Continuer à faire des événements, toucher du monde, réfléchir à des nouveaux formats, car ça prend énormément de temps et on n’est pas tout le temps disponibles. On fait un appel à bénévoles pour des personnes qui veulent vraiment s’engager, on aimerait bien que ça tourne un peu. 

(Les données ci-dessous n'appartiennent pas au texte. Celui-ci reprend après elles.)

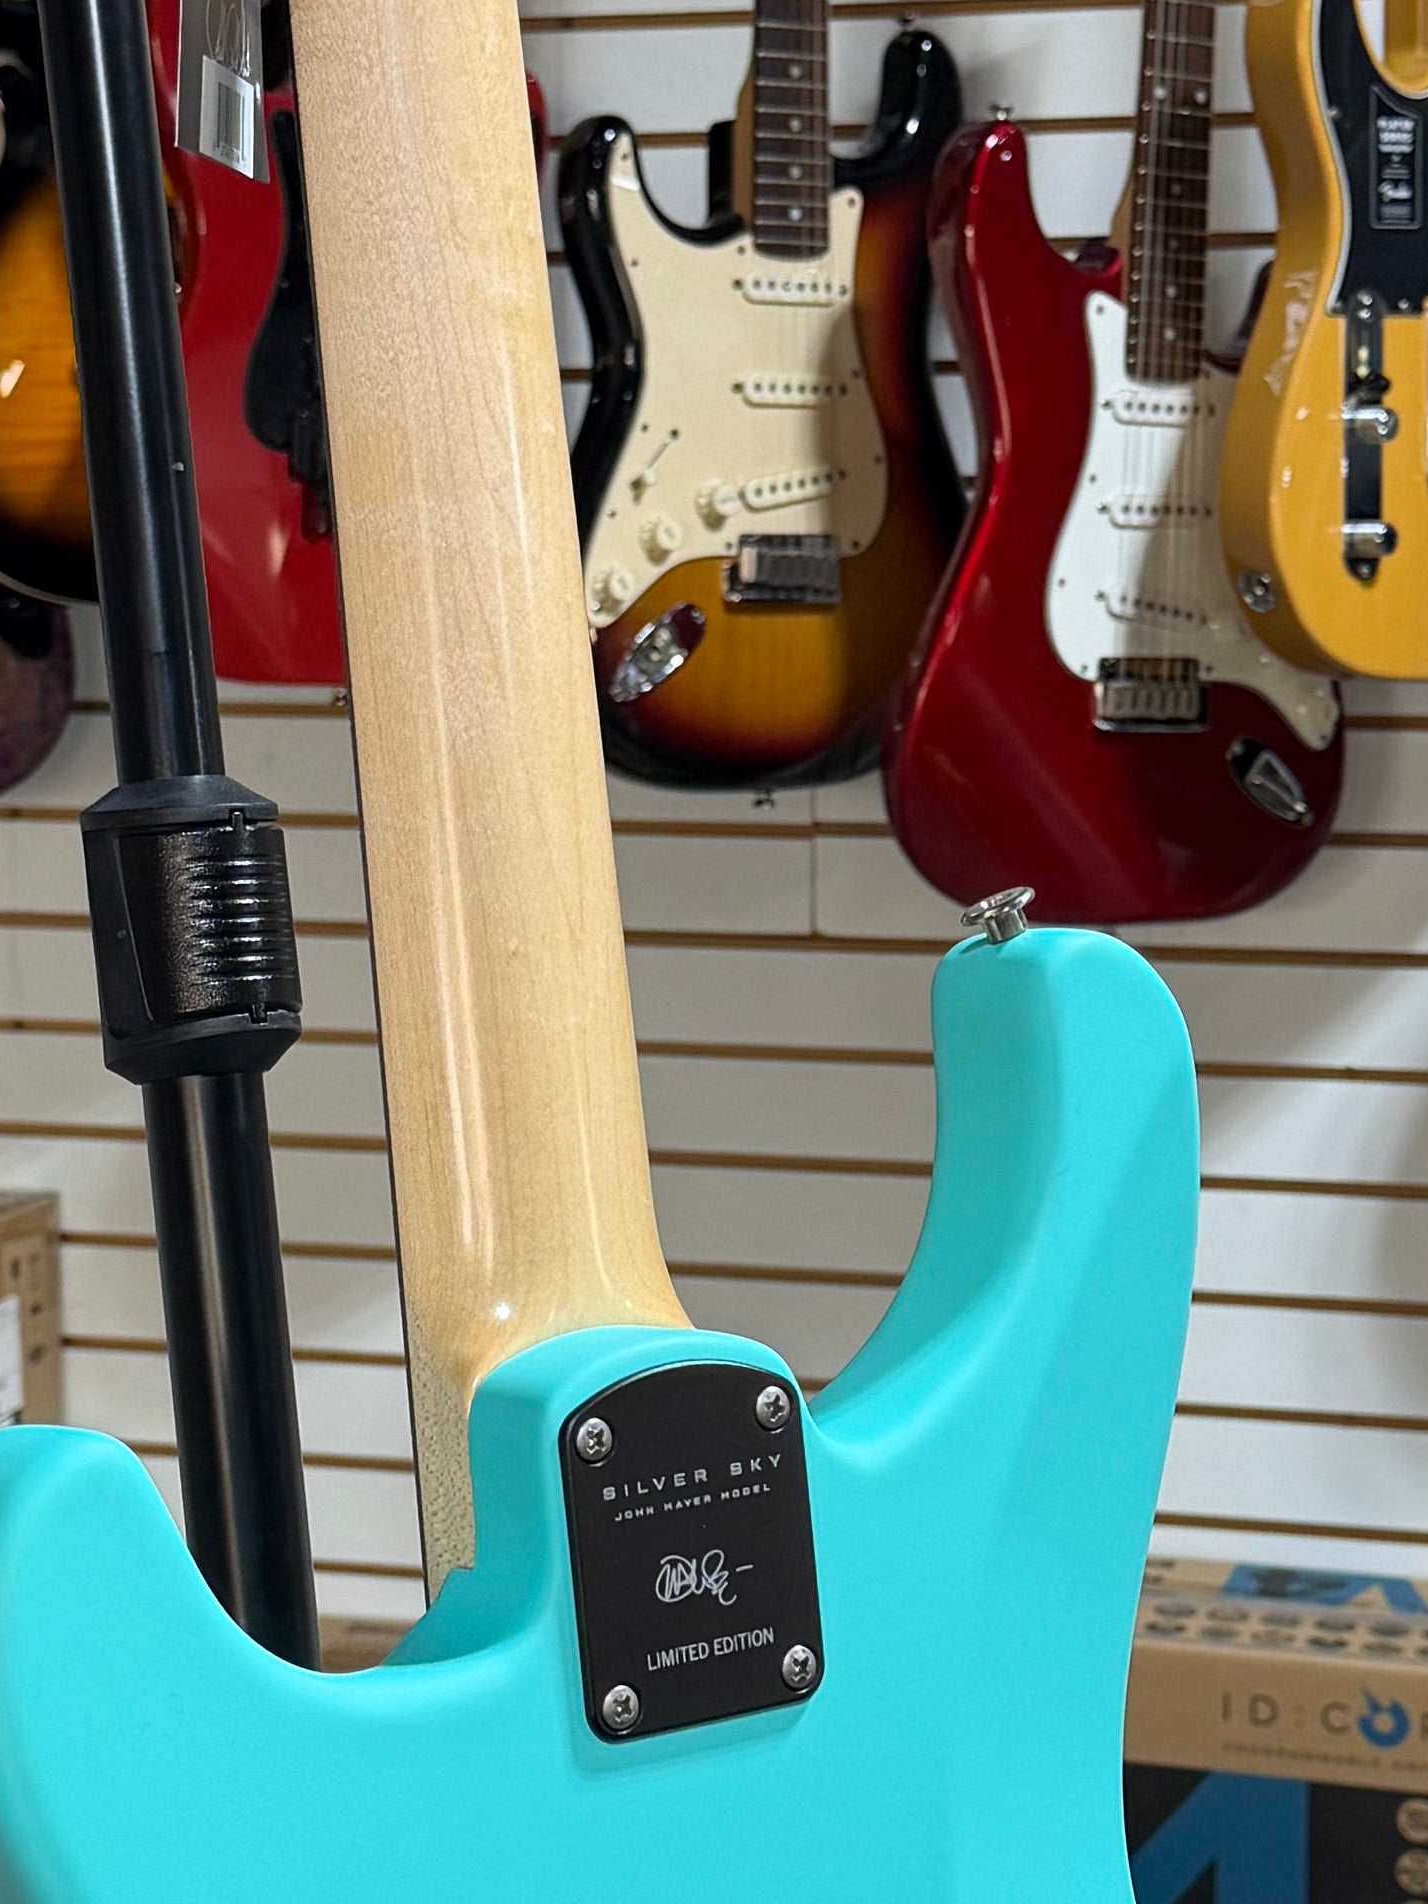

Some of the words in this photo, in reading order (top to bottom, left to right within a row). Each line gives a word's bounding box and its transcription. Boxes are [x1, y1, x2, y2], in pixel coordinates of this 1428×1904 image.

Pour le moment, on s’est dit qu’on allait peut-être ralentir un peu. On va garder nos jams, faire au moins un événement par an, et après ça dépend des autres énergies qui viennent et qui veulent monter des projet. Pour les jams, on arrive à s’échanger les casquettes assez facilement, il y a assez de personnes dans le collectif. Vu que c’était une fois par mois, on en a organisé assez pour qu’il y ait des réflexes. On ne va pas multiplier encore plus les événements parce que c’est énormément d’énergie. Un fleuve tranquille !

Le mot de la fin ?

L’événement de ce week-end est en partenariat avec Radio Tempête qui est une webradio qui diffuse seulement des femmes et minorités de genre, mais aussi Le Type. On a également le dispositif Angela, c’était important et logique pour nous. Et aussi la Mairie de Bordeaux qui nous file tout le matos, big up. On a hyper hâte, c’est des mois de travail. On a peur et on espère qu’il fera beau !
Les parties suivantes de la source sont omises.